El renacer del señor de las sombra

CAPITULO 24: FUTURO DE CENIZAS

Ramos durmió muy poco.

Pasó lo que restaba de la noche sentado en la silla de su despacho con los ojos mirando el estandarte del reino y un mapa al lado del mismo. La antorcha se consumió sola. Él no la reemplazó. Cuando la oscuridad llenó el cuarto, dejó que se quedara, porque había algo honesto en estar en la oscuridad con una orden que pedía matar a un pueblo entero durante la fiesta de sus dioses.

Antes de que saliera el sol fue a buscar a Veintidós.

La encontró en el área de los marcados. Sola en toda esa sección grande y fría, sentada en un banco de madera con los codos sobre las rodillas, ajustándose las correas de la armadura ligera con una lentitud mecánica que no tenía nada que ver con el cuidado y sí mucho con alguien que necesita tener las manos ocupadas. Cuando Ramos cruzó el umbral, ella no levantó la vista. Pero sus ojos rojos ya lo habían registrado desde el primer ruido de bota sobre piedra.

—Subcomandante —dijo.
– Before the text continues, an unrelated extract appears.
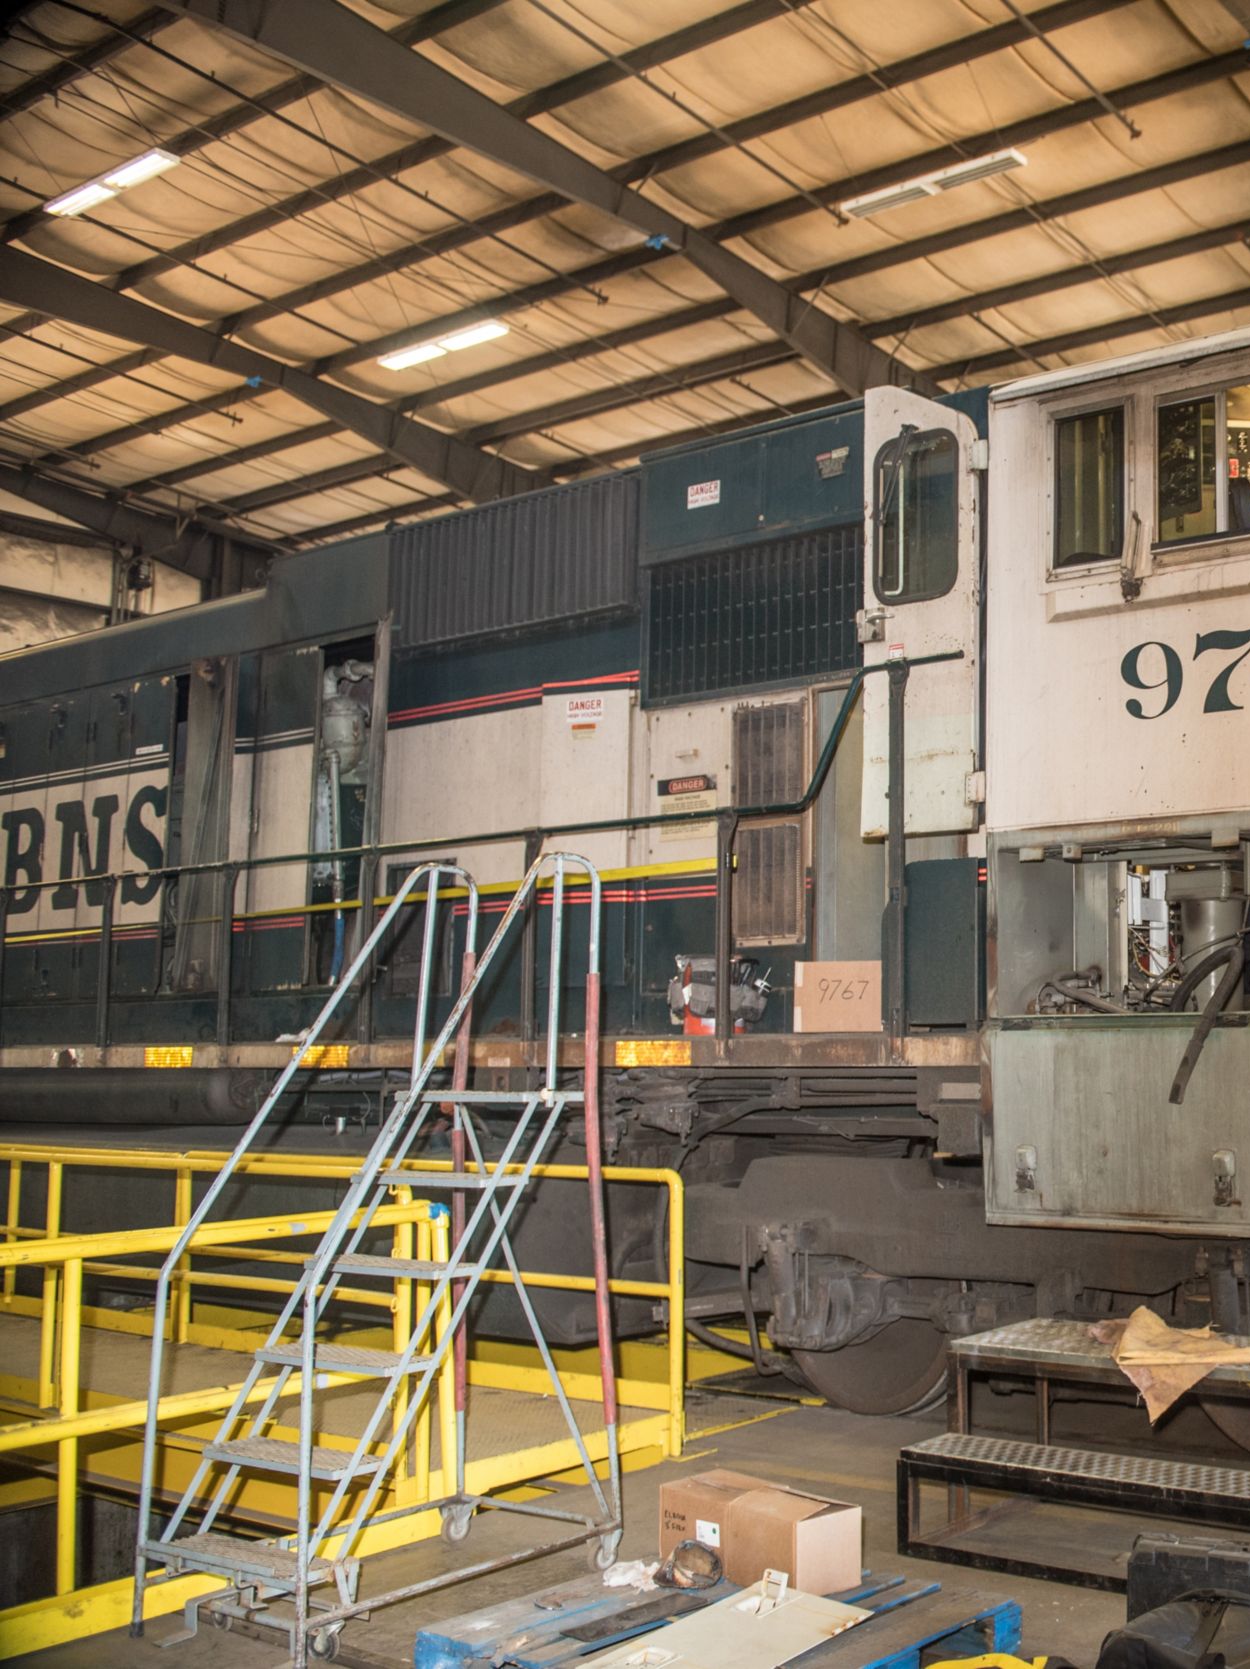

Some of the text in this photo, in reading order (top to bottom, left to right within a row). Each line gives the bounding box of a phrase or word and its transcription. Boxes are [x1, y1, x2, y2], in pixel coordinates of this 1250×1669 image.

La voz intentando ser normal¬—¿Qué trae aquí tu anciano trasero?

Ramos no saludó ni contesto. Se acercó hasta que sus sombras se juntaron en la pared y, sin preámbulo, sacó la carta del Rey y se la tendió.

El papel crujió al cambiar de mano. Ese sonido seco fue lo más ruidoso del cuarto.

Veintidós leyó. Sus dedos, cruzados por cicatrices finas que el fuego le había dejado en años de entrenamiento, recorrieron el sello antes de estirar la hoja, como si el tacto pudiera adelantarle lo que decían las palabras. Luego sus ojos bajaron por la hoja línea a línea, con la concentración de quien lee órdenes y no noticias. Ramos la observó. Notó el momento exacto en que la mandíbula se tensó. Notó cuando los músculos del cuello se marcaron como cuerdas bajo la piel. Notó que los ojos empezaron a brillar, el rojo más encendido, con ese fulgor que ella siempre había tenido cuando el calor interno superaba la temperatura de lo razonable.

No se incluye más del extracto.